Posts Tagged television

Are We a Broken People? Why We’ve Stopped Fighting Back

Bruce E. Levine
AlterNet
Thursday, Dec 17th, 2009

A psychologist asks: Have consumerism, suburbanization and a malevolent corporate-government partnership so beaten us down that we no longer have the will to save ourselves?

Can people become so broken that truths of how they are being screwed do not “set them free” but instead further demoralize them? Has such a demoralization happened in the United States (and Canada)?

Do some totalitarians actually want us to hear how we have been screwed because they know that humiliating passivity in the face of obvious oppression will demoralize us even further?

What forces have created a demoralized, passive, dis-couraged population?

Can anything be done to turn this around?

Can people become so broken that truths of how they are being screwed do not “set them free” but instead further demoralize them?

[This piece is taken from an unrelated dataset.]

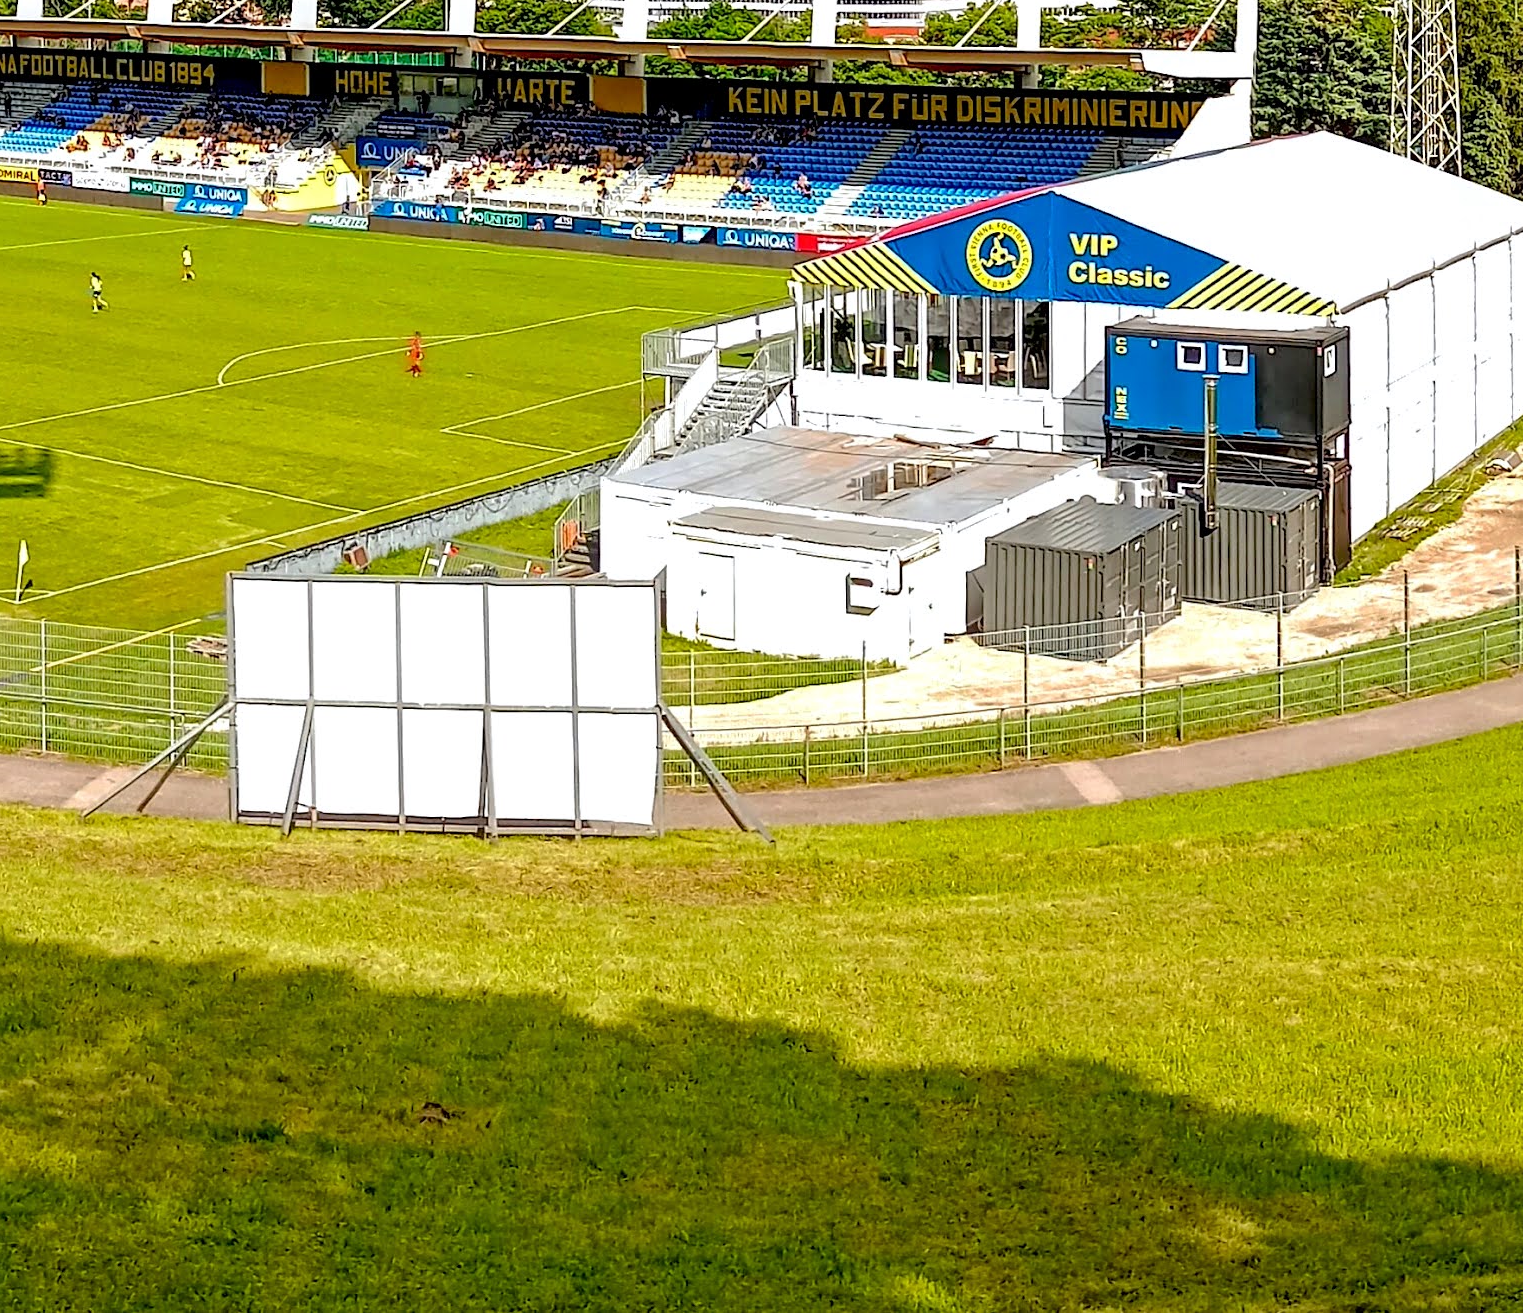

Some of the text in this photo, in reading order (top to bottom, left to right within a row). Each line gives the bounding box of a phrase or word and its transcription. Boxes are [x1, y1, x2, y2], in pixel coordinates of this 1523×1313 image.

Yes. It is called the “abuse syndrome.” How do abusive pimps, spouses, bosses, corporations, and governments stay in control? They shove lies, emotional and physical abuses, and injustices in their victims’ faces, and when victims are afraid to exit from these relationships, they get weaker. So the abuser then makes their victims eat even more lies, abuses, and injustices, resulting in victims even weaker as they remain in these relationships.

Does knowing the truth of their abuse set people free when they are deep in these abuse syndromes?

Read the rest of this entry »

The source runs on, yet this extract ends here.